Is Karadžic innocent? 


25 July 2008 
Charles Crawford 

When Miloševic was abruptly transferred to the Hague Tribunal in June 2001 I
dusted off my barristerial wig and sent a lively telegram to London from
Belgrade on the theme "Is Miloševic Innocent?"

My point was that linking Miloševic to the calamitous events in Bosnia and
other non-Serbia parts of former Yugoslavia in a way capable of withstanding
rigorous legal scrutiny would not be easy. 

There probably would not be clear documentary or other physical proof
linking him as a Serbia leader directly to proven atrocities in
Bosnia/Croatia. 

So to convict him at ICTY it would have to be proved beyond doubt that in
some less explicit way he was 'responsible' for them - maybe he ordered
lesser actions which, given the obvious circumstances, had to lead to such
atrocities elsewhere, or at least he did not do all he might have done to
stop them. 

Could be ... Tricky. 

Thus was it likely that Miloševic was directly responsible for the
horrendous Srebrenica massacre? On the face of it, no - why would he have
wanted something like this to happen when he knew it would provoke a huge
international outcry against the Serb cause generally? 

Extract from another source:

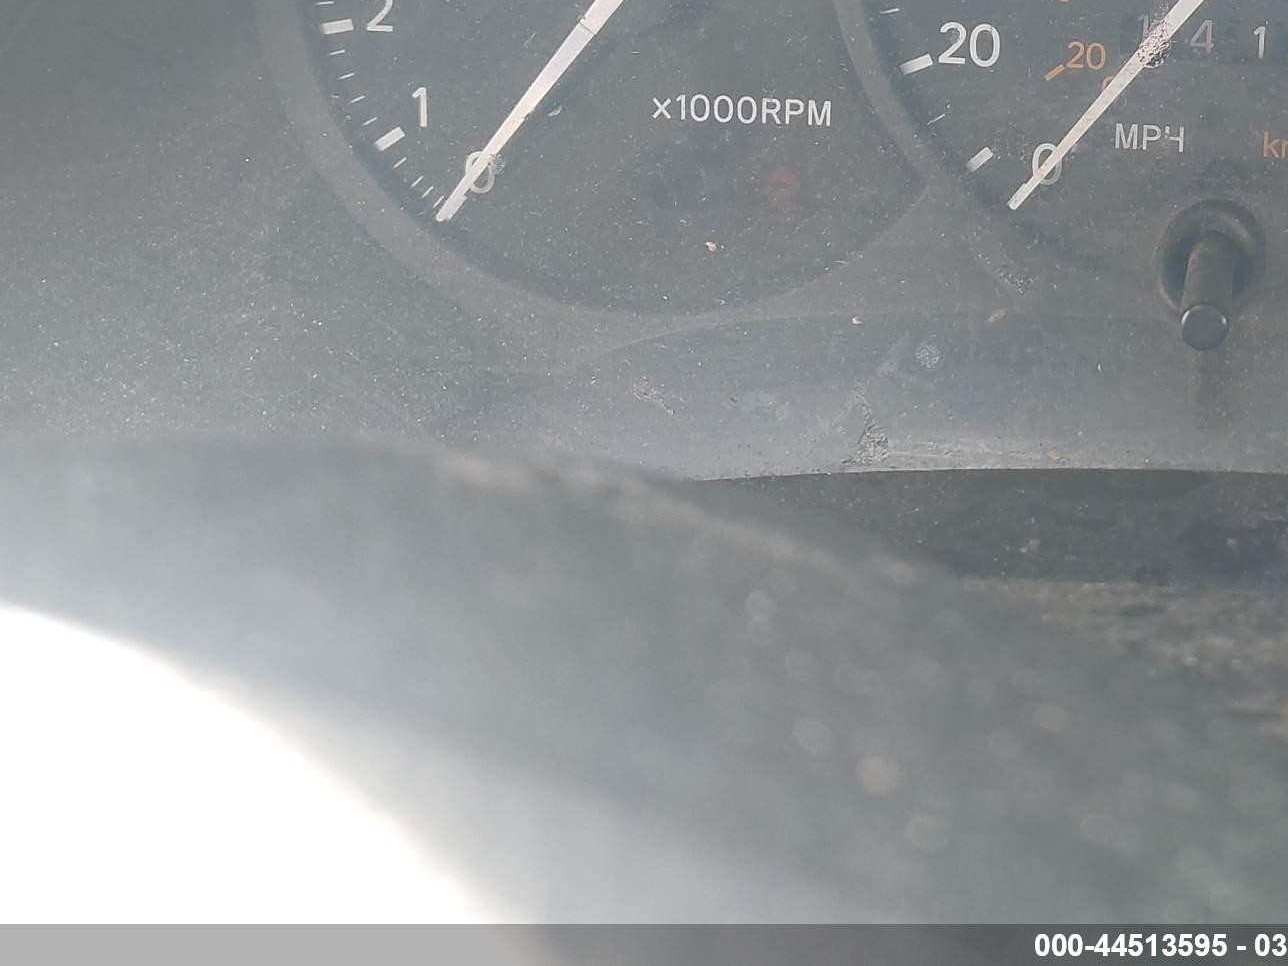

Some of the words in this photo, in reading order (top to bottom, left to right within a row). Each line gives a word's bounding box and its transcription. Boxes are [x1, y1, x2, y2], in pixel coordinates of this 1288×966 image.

Will Karadžic's guilt be easier to establish? 

Probably yes. 

Or not. 

He (unlike Miloševic) was (a) an openly influential figure in Bosnian Serb
ranks and (b) actually in Bosnia as the conflict raged, meeting the media
and genially denying any wrong doing. 

His operational responsibility over the Bosnian Serb forces was
self-evidently higher, as was his operational leadership capacity to
influence political events for the better - hence also higher his
legal/moral responsibility for horrors occurring when (and because?) he did
not do so. 

That said, for those very reasons of proximity he can (unlike Miloševic)
attempt at his trial to drum up all sorts of arguments that for every given
Bosnian Serb alleged war-crime he was acting closely in one way or the other
with the 'international community' on the ground, in its various bungled
efforts to bring peace to Bosnia. 

And (unlike Miloševic) he can point in detail to Bosniak/Muslim and Croat
military and political decisions which (he might say) forced the Serbs into
justifiable self-defence measures. 

Or he might dwell on the strange ways in which heavy weaponry found its way
to the Bosniaks/Muslims during the conflict despite an international arms
embargo, with various Western powers not exactly doing much to stop this. 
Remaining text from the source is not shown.